> DESCRIPTION OF THE TASK: Output each of the entries exactly, skipping every picture they contain.

> EXCERPTED RECORDS:
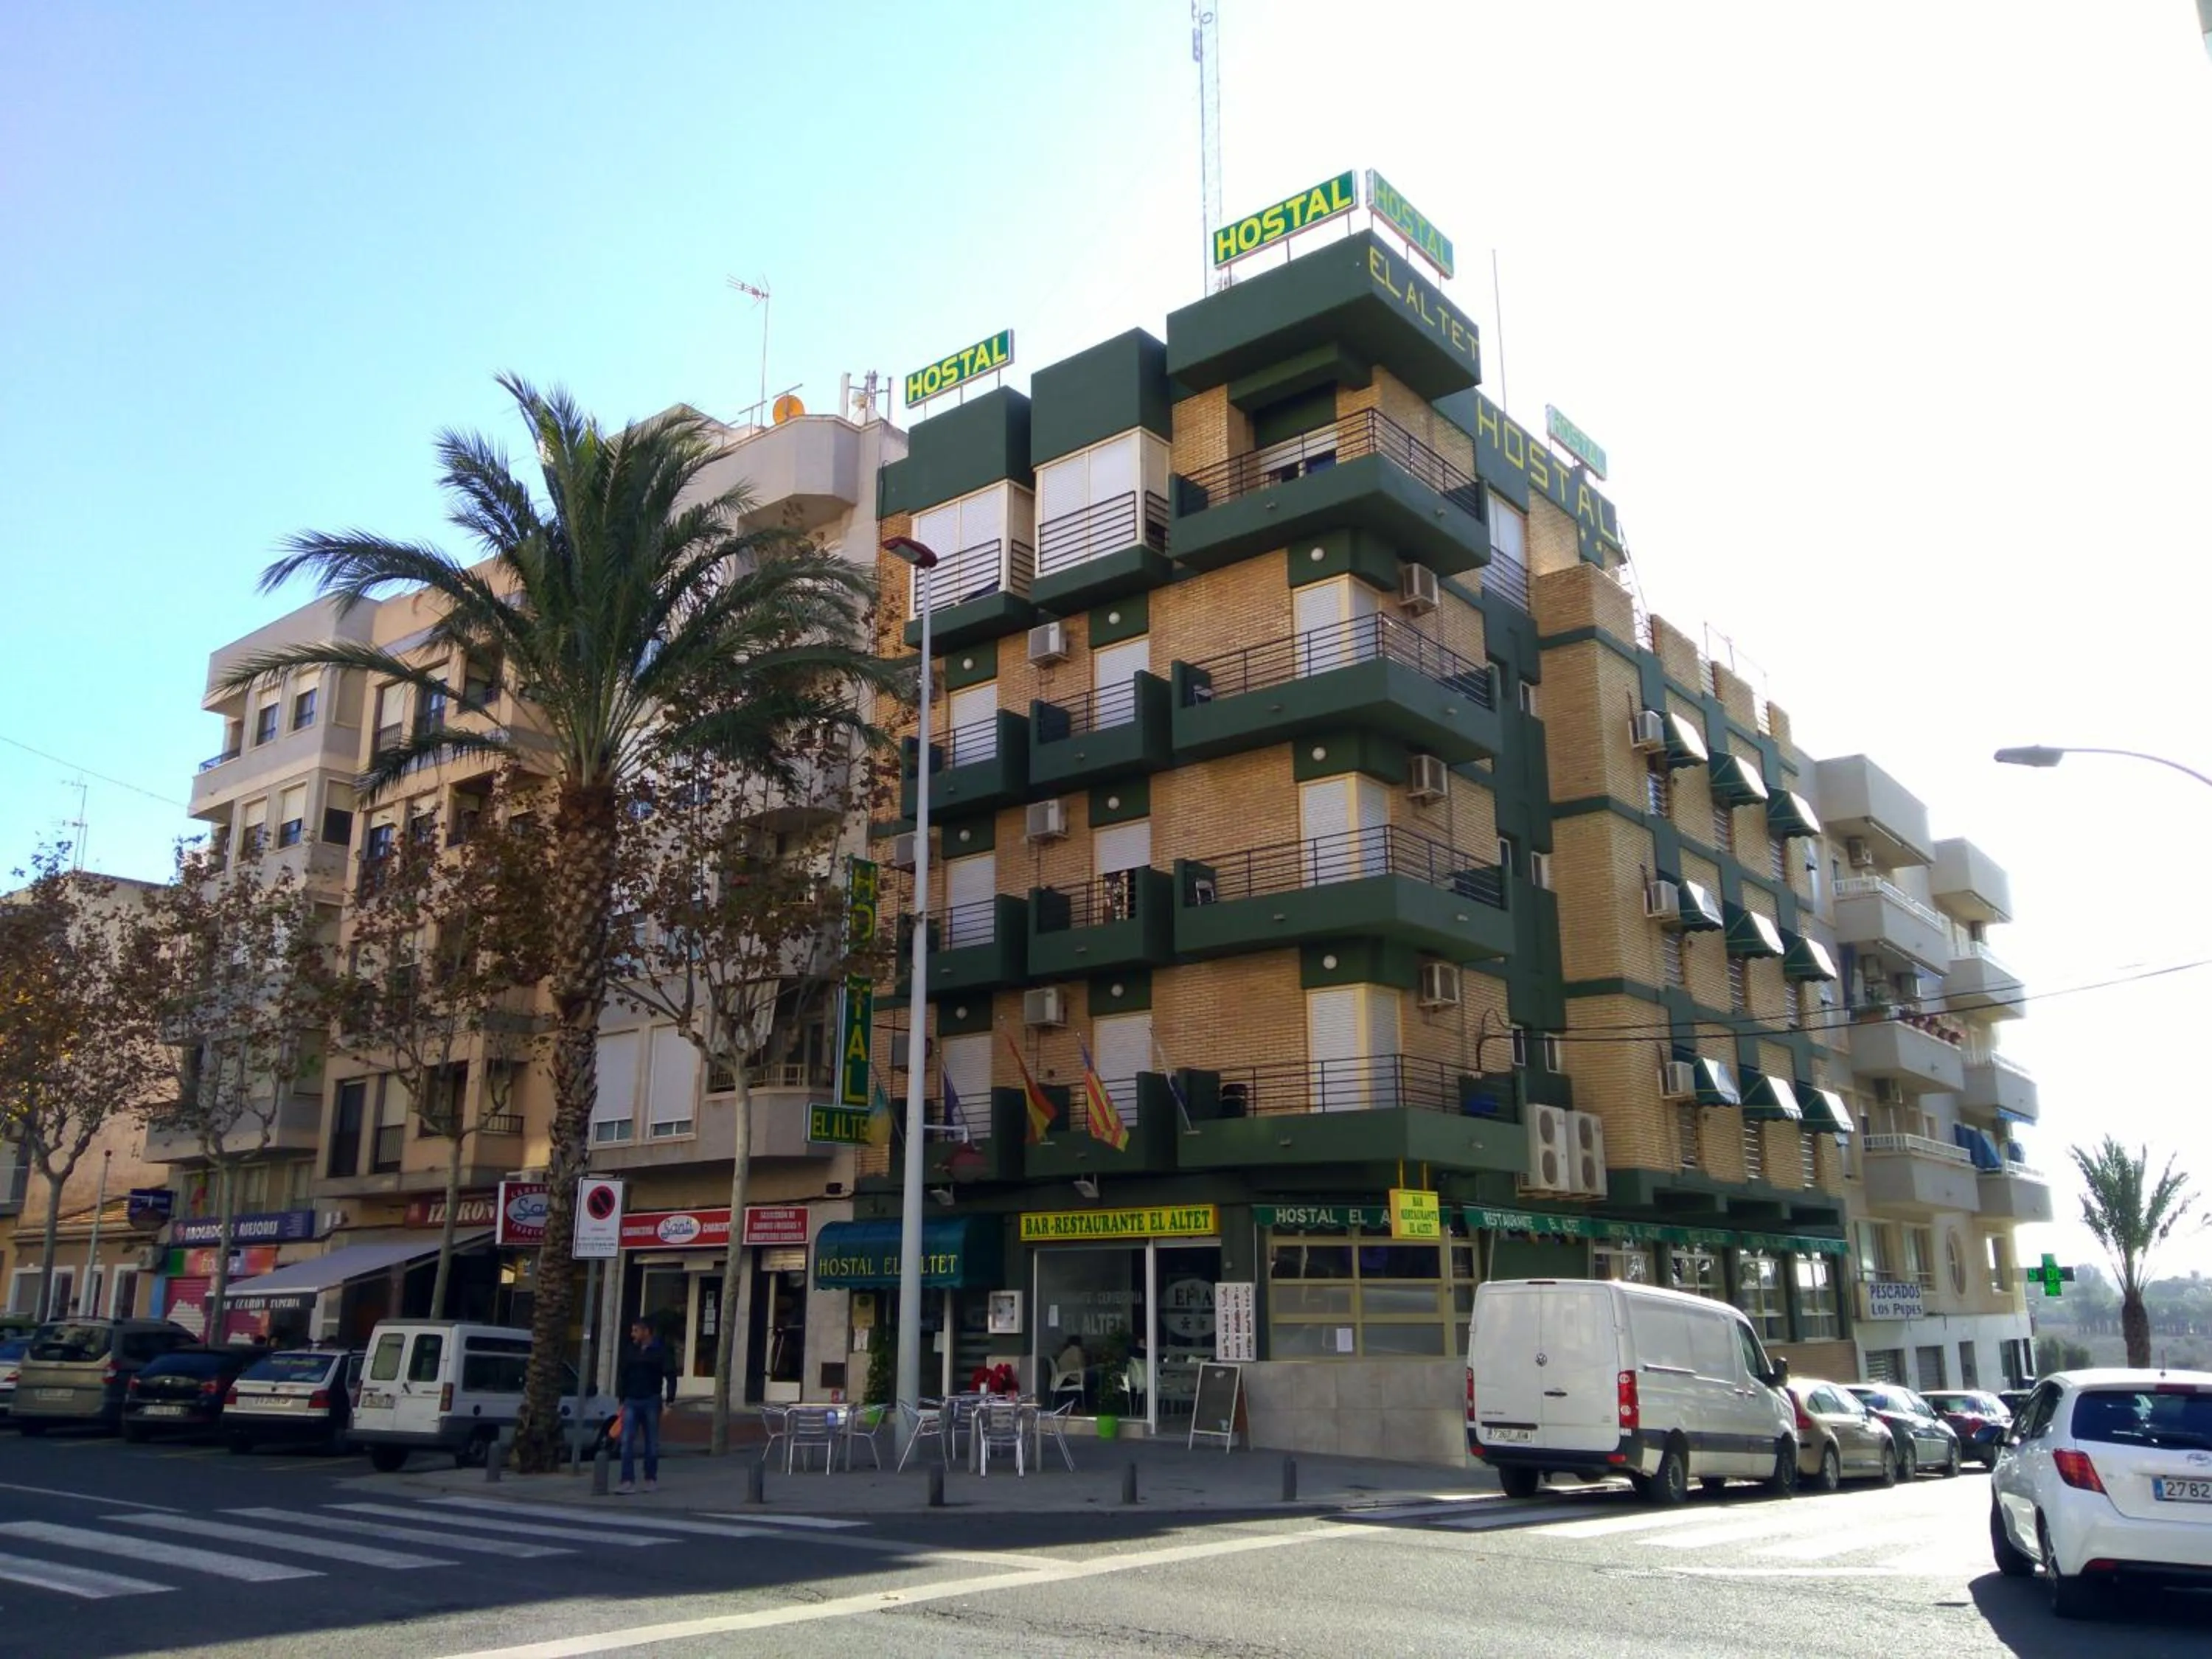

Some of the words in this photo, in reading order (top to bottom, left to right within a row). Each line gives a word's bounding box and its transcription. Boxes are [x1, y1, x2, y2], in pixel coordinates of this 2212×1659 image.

[1217, 178, 1352, 262] HOSTAL
[1374, 173, 1453, 267] HOSTAL
[1369, 245, 1402, 299] EL
[1406, 283, 1479, 361] ALTET
[908, 337, 1006, 403] HOSTAL
[1478, 396, 1618, 543] HOSTAL
[844, 865, 875, 1103] HOTAL
[813, 1111, 830, 1136] EL
[832, 1112, 872, 1141] ALTE
[1150, 1213, 1165, 1230] EL
[1169, 1210, 1210, 1230] ALTET
[1276, 1208, 1338, 1225] HOSTAL
[1349, 1208, 1368, 1225] EL
[818, 1258, 875, 1276] HOSTAL
[884, 1257, 902, 1276] EL
[919, 1254, 958, 1274] LTET
[1869, 1284, 1921, 1298] PESCADOS
[2165, 1480, 2211, 1498] 2782

> RESULT OF THE TASK:
Some of the words in this photo, in reading order (top to bottom, left to right within a row). Each line gives a word's bounding box and its transcription. Boxes are [x1, y1, x2, y2], in pixel coordinates of this 2212×1659 image.

[1217, 178, 1352, 262] HOSTAL
[1374, 173, 1453, 267] HOSTAL
[1369, 245, 1402, 299] EL
[1406, 283, 1479, 361] ALTET
[908, 337, 1006, 403] HOSTAL
[1478, 396, 1618, 543] HOSTAL
[844, 865, 875, 1103] HOTAL
[813, 1111, 830, 1136] EL
[832, 1112, 872, 1141] ALTE
[1150, 1213, 1165, 1230] EL
[1169, 1210, 1210, 1230] ALTET
[1276, 1208, 1338, 1225] HOSTAL
[1349, 1208, 1368, 1225] EL
[818, 1258, 875, 1276] HOSTAL
[884, 1257, 902, 1276] EL
[919, 1254, 958, 1274] LTET
[1869, 1284, 1921, 1298] PESCADOS
[2165, 1480, 2211, 1498] 2782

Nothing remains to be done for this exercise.